10 Facts About the Lost Cause of the Confederacy | History Hit

10 Facts About the Lost Cause of the Confederacy

Harriet Coombs

17 Mar 2021
Custis Lee (1832–1913) on horseback in front of the Jefferson Davis Memorial in Richmond, Virginia on 3 June 1907, reviewing the Confederate Reunion Parade

In April of 1865, following four years of bloody and arduous battle, Confederate General Robert E. Lee issued his Farewell Address – effectively ending the American Civil War.

The Confederate States of America had suffered a humiliating defeat and were left grappling with questions about how to collectively justify their own actions and find something positive in what could otherwise be regarded as an all-encompassing failure.

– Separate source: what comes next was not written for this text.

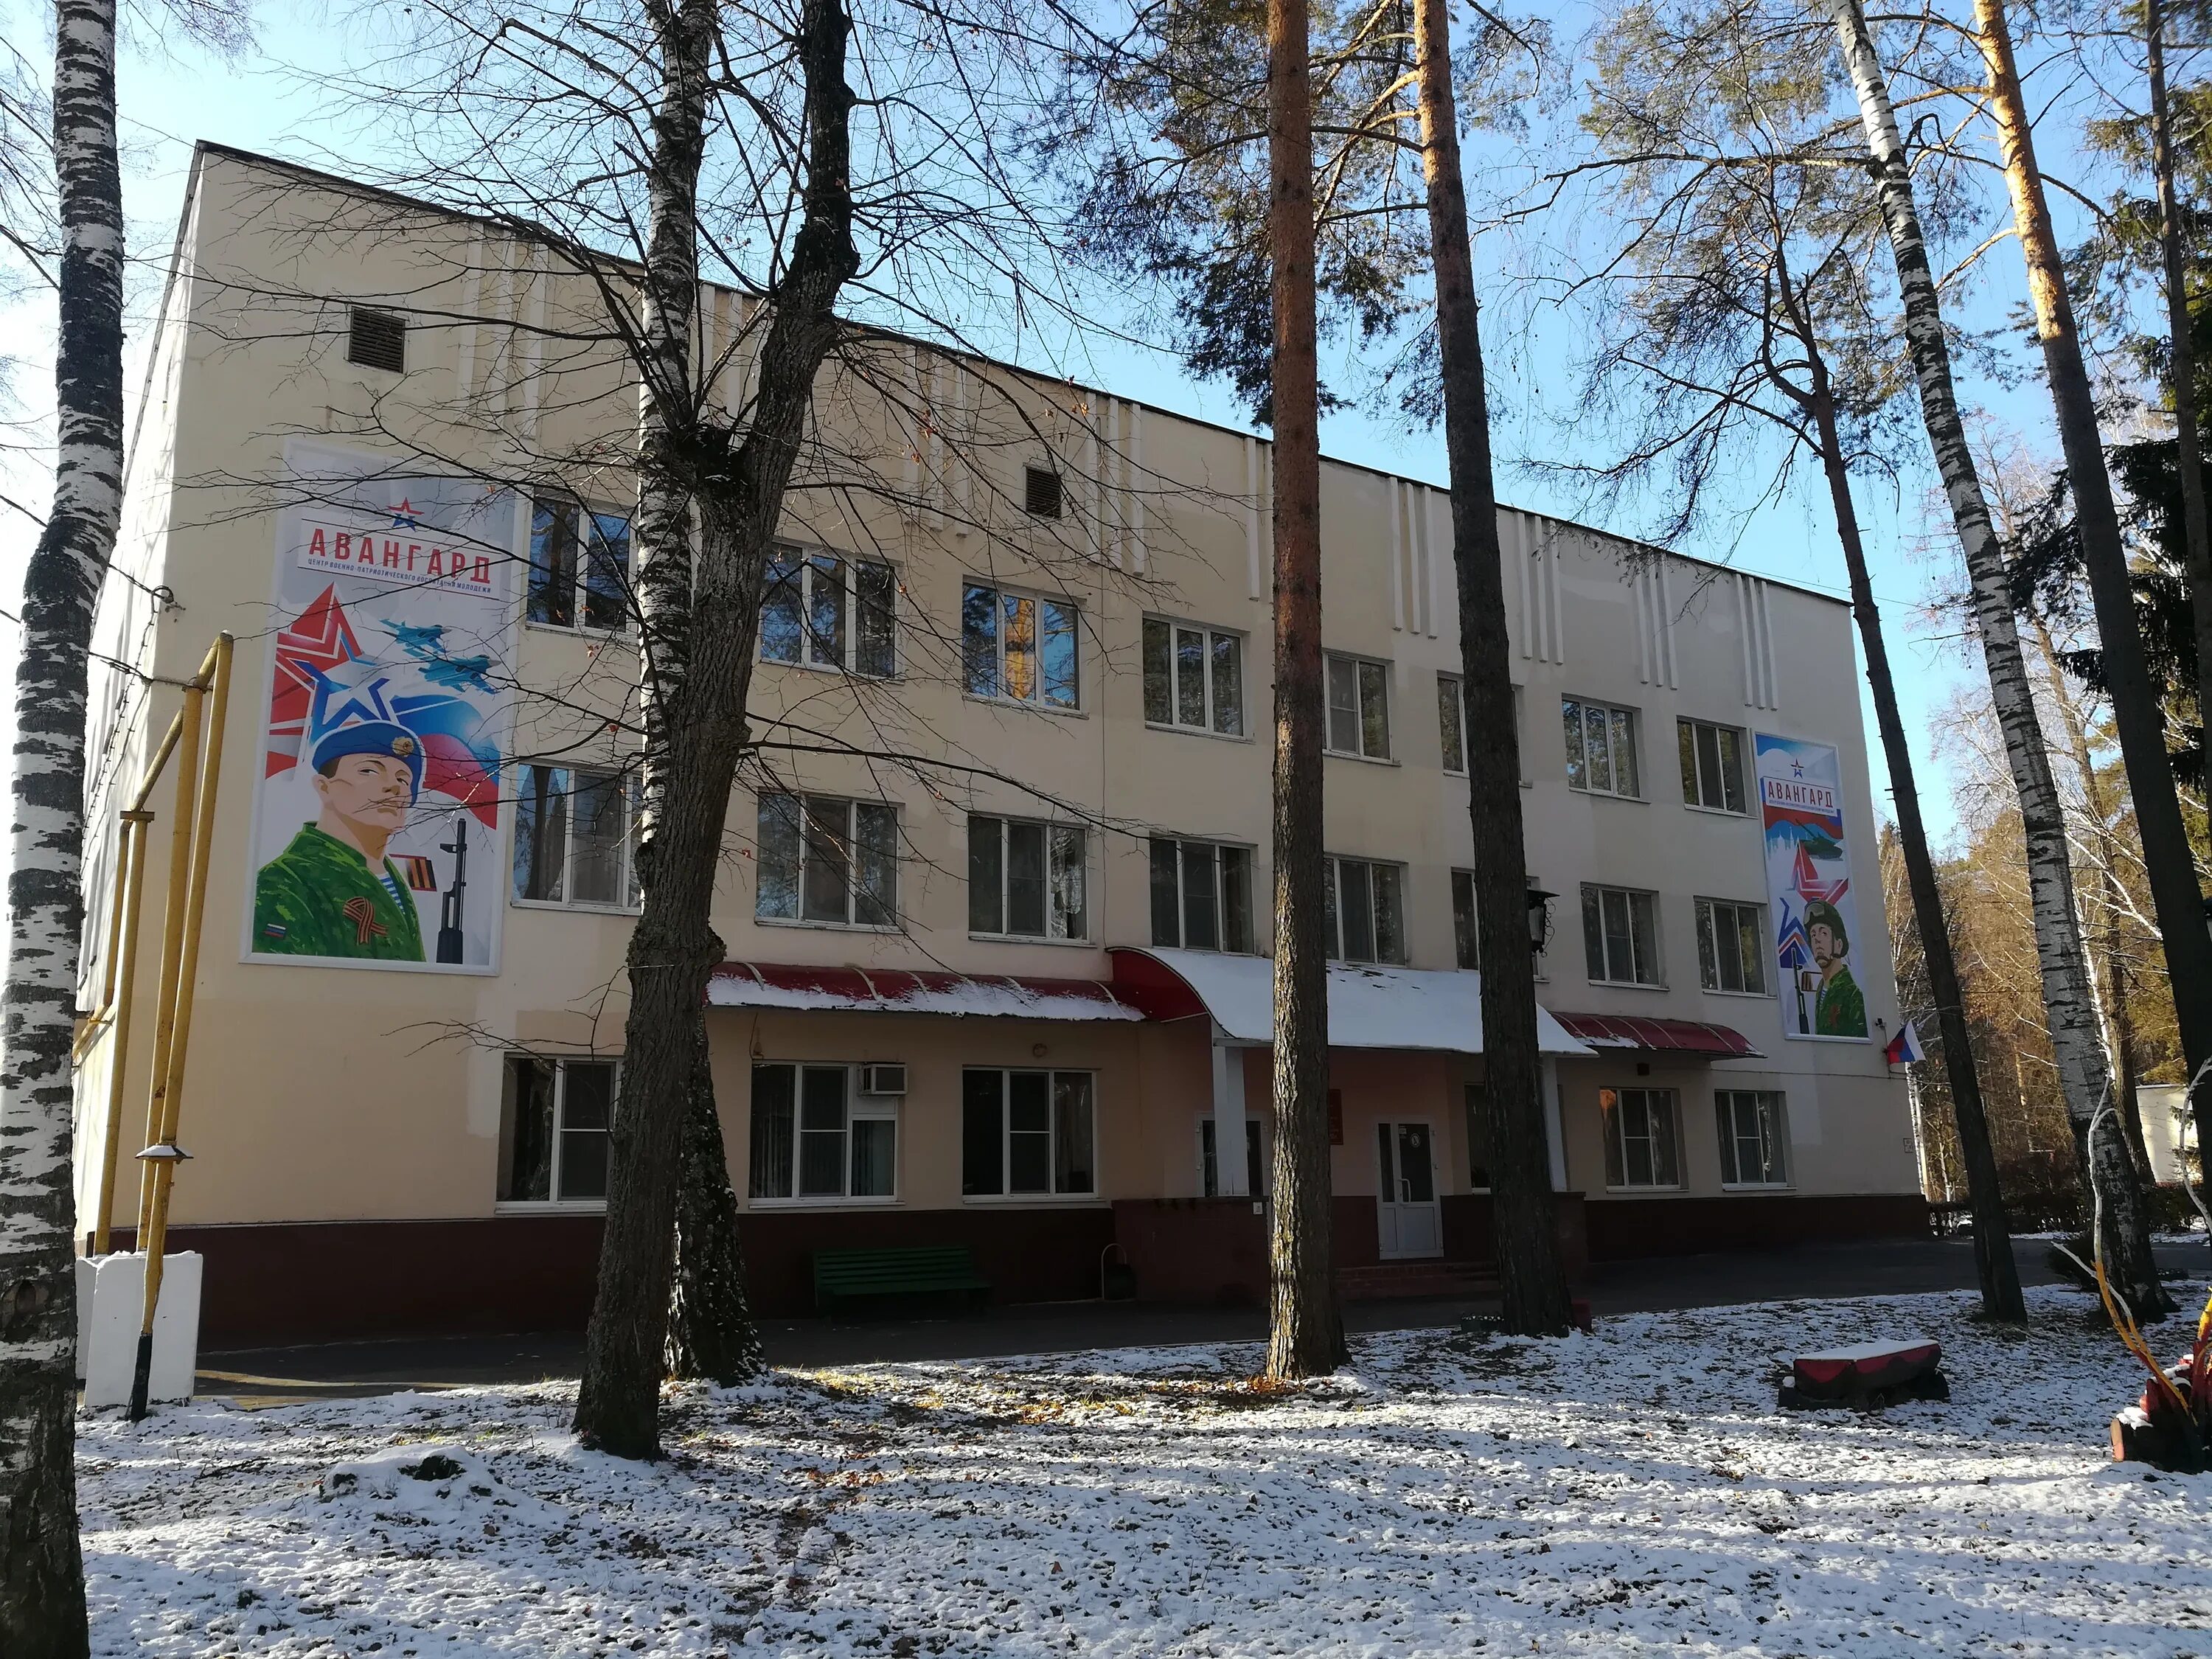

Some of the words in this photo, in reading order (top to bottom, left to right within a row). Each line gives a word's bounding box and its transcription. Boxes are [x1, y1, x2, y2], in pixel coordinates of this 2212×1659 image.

The Lost Cause grew out of this postbellum context and eulogised the Confederate war effort as having been a just and heroic one – a struggle to protect “states’ rights” in the face of overwhelming Northern aggression. In presenting the conflict in this way, the Lost Cause both obscured and denied the principal role of slavery in leading to the outbreak of war.

Part ideology, part social movement, the Lost Cause of the Confederacy has promoted an ahistorical interpretation of the American Civil War.

Here are 10 key facts about the Lost Cause of the Confederacy:

1. The Lost Cause was popularised by an 1866 book of the same name

Written by Virginian Edward A. Pollard in 1866, ‘The Lost Cause’ was a seminal work that set out the southern tradition of reimagining the role of the Confederacy in the American Civil War. Pollard falsely claimed that slavery had not been the chief reason for southern secession, arguing instead that the war had been waged over the preservation of state sovereignty.

Aided by articles written by General Jubal A. Early for the Southern historical Society, by 1870 the Lost Cause was firmly established as a cultural phenomenon in the South.

The Lost Cause, by Edward A Pollard, 1866

The Lost Cause, by Edward A Pollard, 1866 – 1st Edition

Image Credit: Schilb Antiquarian (Columbia, MO, USA) / AbeBooks

2. The phenomenon facilitated the reunification of North and South

During the Reconstruction era, the Lost Cause became part of a broader cultural project that aimed to reunify the North and South. The promotion of a Lost Cause narrative of the Civil War allowed white southerners to adjust to the changes in post-war society caused by emancipation and the imposition of federal authority.

Lincoln’s main priority at the end of the Civil War was to keep the Union together, and so the Lost Cause myth went unrefuted at the federal level.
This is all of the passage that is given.